Я схватила его за рукав и начала вытаскивать из машины, ощущая неприятное дуновение, приносившее на мост гнилостный запах реки. Мост словно пружинил, у меня началась истерика. Курт выругался, развернулся забрать наворованное из машины, но я уцепилась за его куртку, упираясь ногами в дорогу.

– Черт, нам нужно это барахло! – Он оттолкнул меня, решительно разворачиваясь к приоткрытой двери кабины.

Половина его туловища скрылась в машине, ноги уперлись в асфальт, плечи напряглись – он явно извлекал что-то тяжелое. Я дрожала, пот лился по спине, штаны настырно льнули к телу – то ли от грязи, то ли от крови, которой пропиталась вся левая штанина, то ли от осевшего тумана.

– Лови, – буркнул Курт, подался назад… и вдруг завопил: – А-а-а-а!!!

Шлеп! Очки заляпало что-то темное.

Я отпрянула, запнулась, свалилась на землю и быстро поползла в сторону, не оборачиваясь, не открывая глаз, не думая. По лицу стекало что-то теплое и густое, очки съехали, резинка противно скользила по мокрой шее, но в них все равно уже ничего не разглядеть. Курт орал, но потом захлебнулся, словно ему на голову положили подушку.

– Черт… – шептала я, преодолевая метр за метром ползком, почему-то не решаясь встать. – Черт…
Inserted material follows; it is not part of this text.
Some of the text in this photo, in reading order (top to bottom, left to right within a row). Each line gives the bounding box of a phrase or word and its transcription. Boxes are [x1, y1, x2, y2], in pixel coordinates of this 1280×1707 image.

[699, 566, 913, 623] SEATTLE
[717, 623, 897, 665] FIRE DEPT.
В установившейся тишине дыхание раздавалось как колокол, а я даже не понимала, куда ползу. В руке до сих пор была зажата рукоять пистолета. Может, Курт еще жив… Мысль придала уверенности, поэтому я развернулась обратно, скручиваясь в комочек, с опаской встала и принялась лихорадочно нащупывать фонарик свободной рукой.

Скрип. Рассеянный свет от фонаря выхватил размытым сектором бампер машины. Будто Курта никогда тут и не было, будто мне все привиделось, но только вот чужая кровь на губах говорила о том, что это все вранье, что на самом деле какая-то мерзость разрезала его прямо в двух шагах от меня…
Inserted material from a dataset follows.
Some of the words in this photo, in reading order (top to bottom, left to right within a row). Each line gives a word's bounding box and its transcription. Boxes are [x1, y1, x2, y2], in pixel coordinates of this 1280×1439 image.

Опять налетел ветер, потом стих. Медленно, осторожно, шажок за шажком… Дверь машины так и осталась открытой, только теперь на ней были видны потеки застывающей крови. Внизу валялся кейс, он распахнулся от удара о землю, так что можно было рассмотреть какие-то приборы, линзы, электронику.

И больше ничего.

Там не было абсолютно ничего.

Мост равнодушно возвышался в непроницаемой темноте, вверх убегали стальные тросы, иногда тихонько поскрипывающие под тяжестью конструкций; засыхающая кровь Курта стянула лицо. Я выстрелила куда-то вбок, закричала что-то обидное, а потом села около машины и заплакала.

Глупый маленький крысеныш.

2009 год

 

СТРЁМНАЯ

– Она стрёмная.

Я чувствовал в девчонке, которую привели, что-то не то. Я даже не мог толком описать, что именно мне не нравилось, но даже то, как она сидела, меня раздражало. Спутанные волосы, сосульками свисающие на плечи, диковатые глаза, которые останавливались на разных предметах и некоторое время сверлили их, переплетенные белые пальцы, ее уверенность – даже это. Я испытывал плохо объяснимое отторжение, хотя с мутантами в своем отряде уже привык мириться. Мне хотелось поставить ее на место. Может, я просто устал – войска Армады перли и перли всю ночь напролет.

– Что ты умеешь?

Она пожала плечами:

– Ничего такого. Ничего из того, что тебе нужно.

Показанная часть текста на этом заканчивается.